When we originally wrote about the eyebrow-raising product launch, we were keen to know exactly what the resulting abomination would smell like, and now we wish we could go back to those blessed days of ignorance.
It smells exactly like Lynx Africa -- aka the thick stench of the sixth form common room at an all-boys' school minus the ball sweat -- plus a sticky, yeasty, meaty undertone. So actually, not minus the ball sweat.
As ever with Marmite products, there's a crowbarred-in "love it or hate it" angle, in the sense that you're supposed to wear the spray to attract Marmite lovers (in the manner of that infamous Lynx ad) and repel the haters. Or something.
Admittedly, keeping other humans as far away as possible is even more appealing during these virusy times, but if you're already close enough to smell my body spray, you're too close.
Being a glutton for punishment, I used both products for an entire week. I was hoping that the initial wave of nausea I felt when I smelt the unholy mix would gradually subside as I became "nose-blind" to it, as you usually do to your own perfume (but not farts, for some reason).
This did not happen, possibly because the spray just seems like two layers of different smells badly mixed together. You know those fancy air fresheners that switch fragrance every couple of hours so you keep noticing them? It basically did that. I'd be smelling Lynx Africa, wondering what the guy I lost my virginity to is up to these days, when unexpectedly Marmite would take over, leaving me vaguely queasy but not at all hungry.
You see, there is absolutely nothing appetising about the smell, which is probably for the best given that aged 12, I accepted a dare to drink "ice cream flavoured" bath soak and puked bubbles for hours.
Yes, I am questioning my life choices, thank you for asking.
The other disappointing thing about the spray is that it really doesn't work very well as a deodorant. I'm not an excessive perspirer, but it has been quite a warm summer, and sweat happens. Well, more sweat definitely happened with this on than my regular roll-on.

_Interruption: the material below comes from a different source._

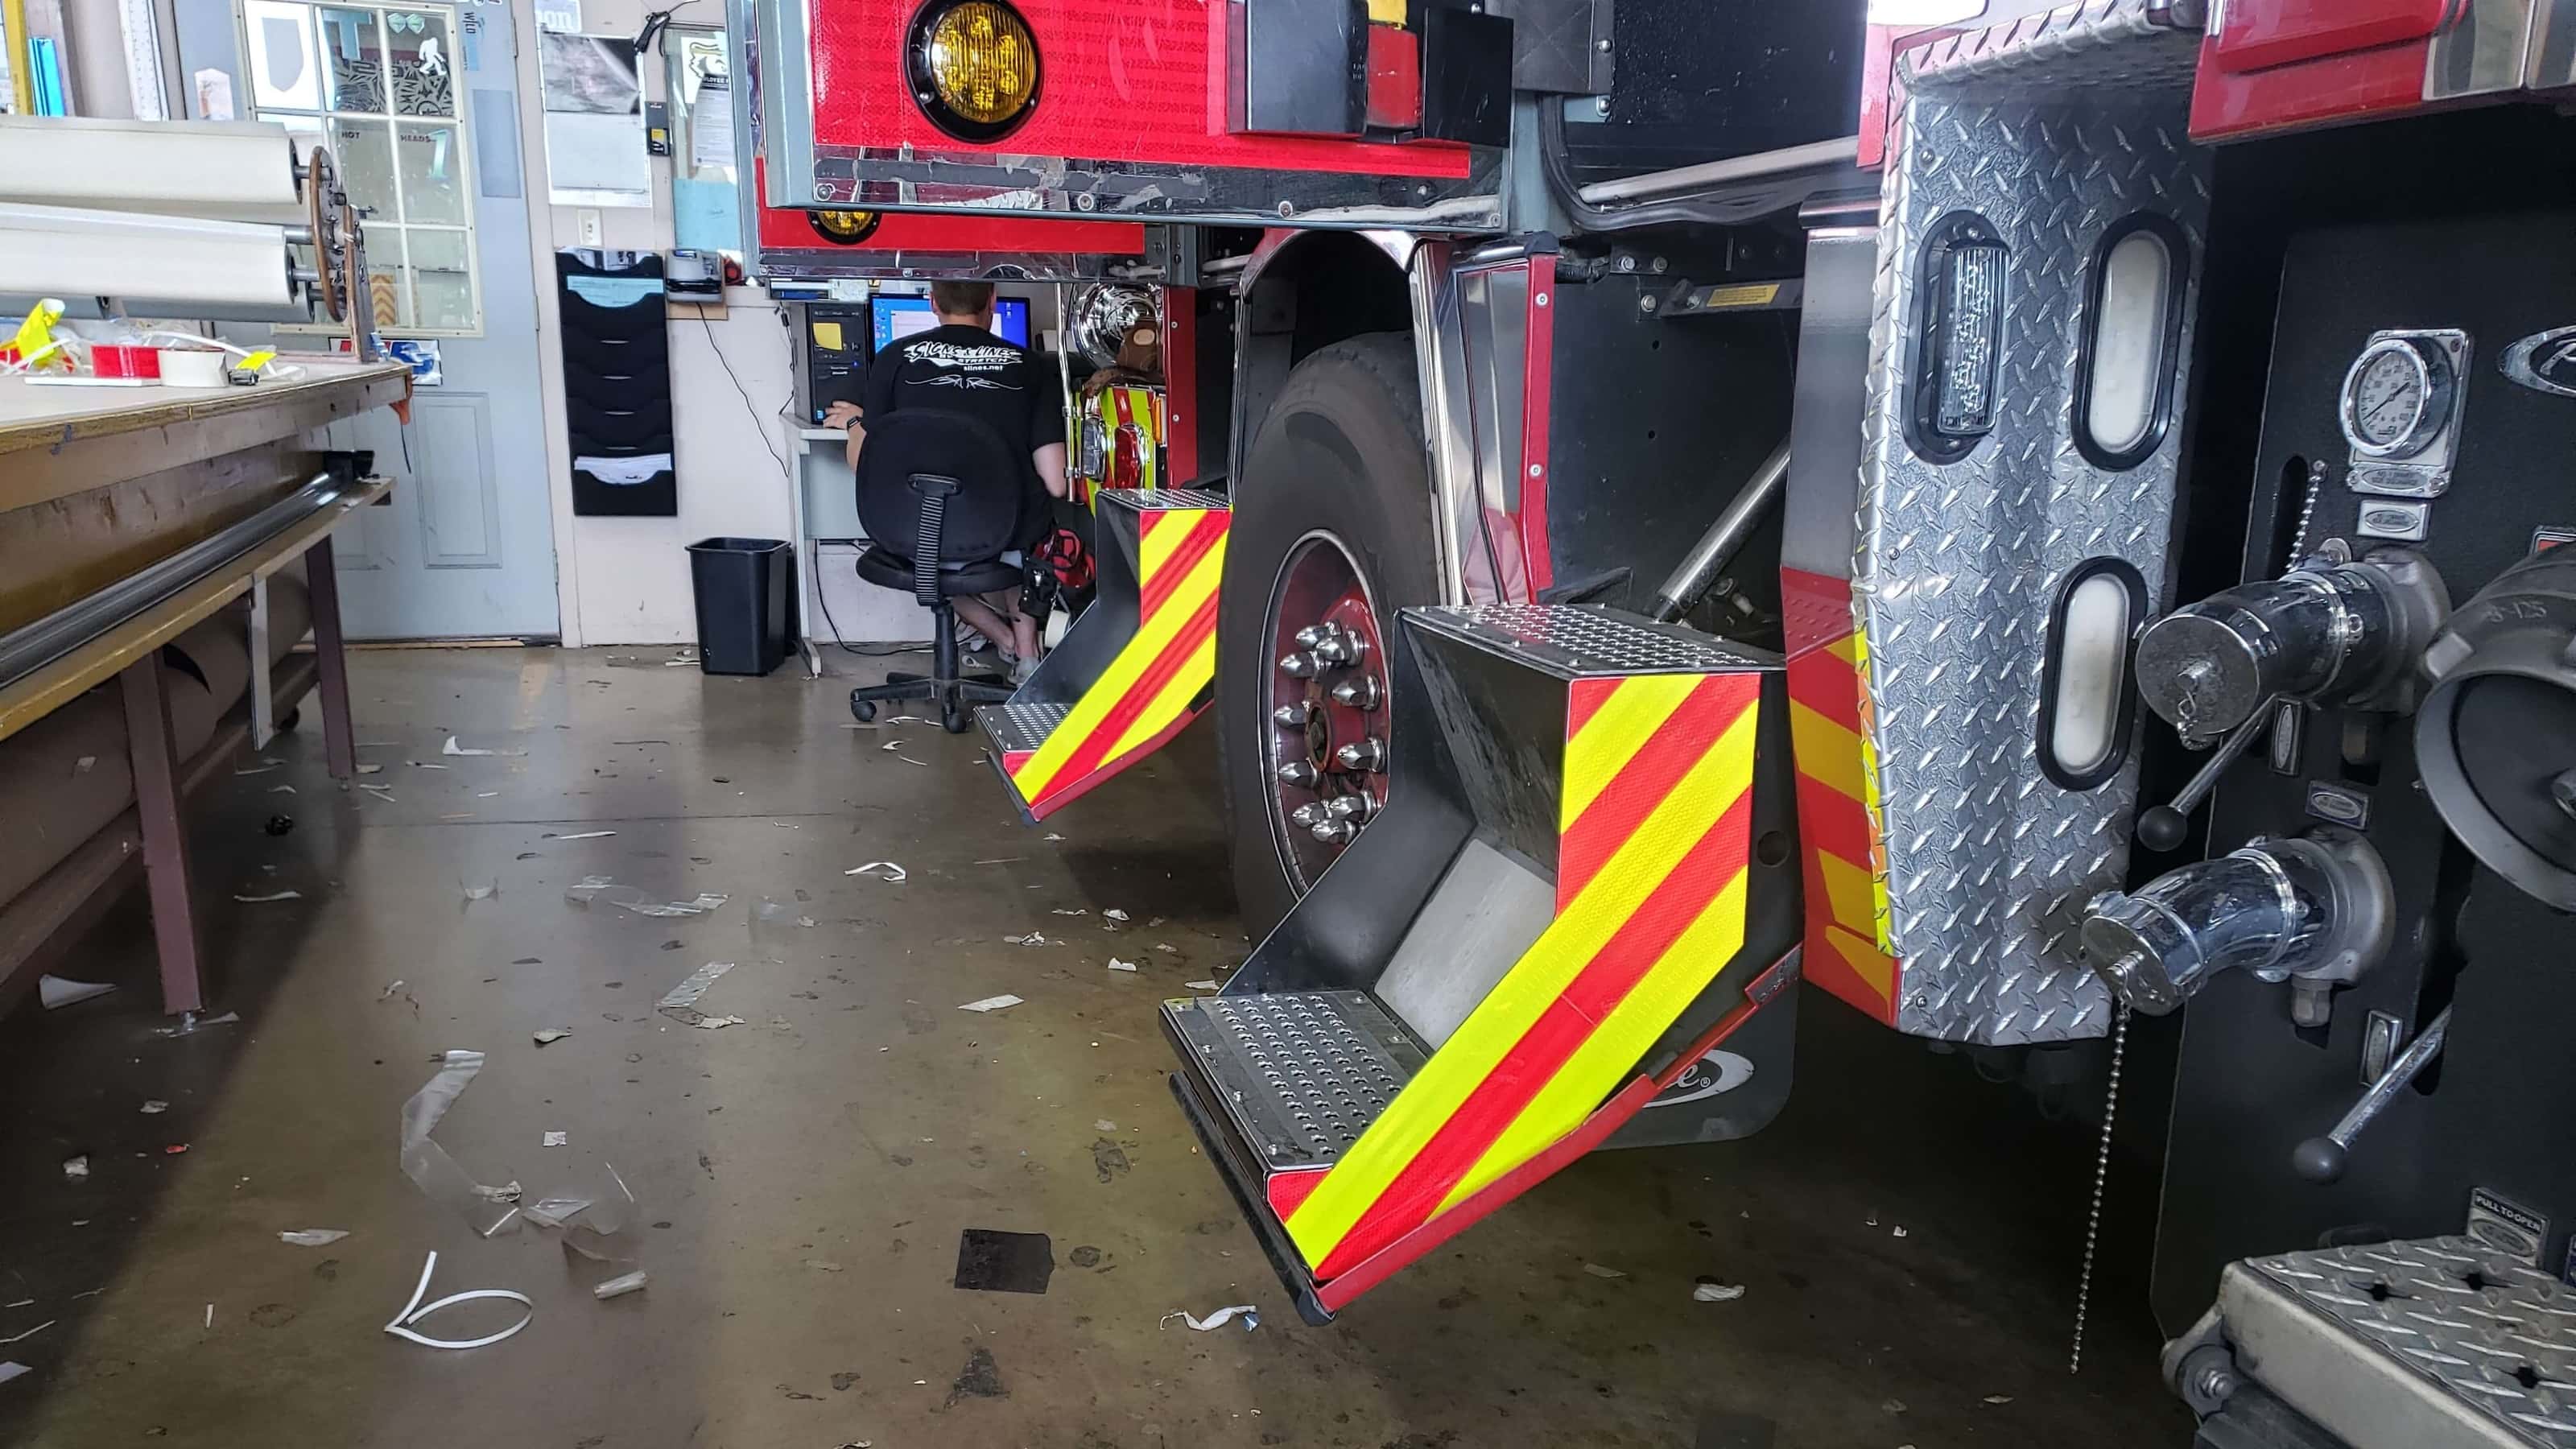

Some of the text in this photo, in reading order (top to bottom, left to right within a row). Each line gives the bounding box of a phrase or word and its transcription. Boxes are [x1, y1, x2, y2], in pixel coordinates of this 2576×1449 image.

[910, 341, 961, 362] SIGNS
[2475, 1195, 2500, 1212] PULL
[2500, 1206, 2513, 1218] TO

On that front, the social distancing aspect worked quite well.
The shower gel
I thought this would be better than the spray, but it might actually be worse.
I poured the gel onto my sponge, noticing its thick, viscous brown appearance, and tried to ignore the feeling that it was actual yeast spread in a squeezy bottle. Like runny honey. Like an excessively thick cup of Bovril.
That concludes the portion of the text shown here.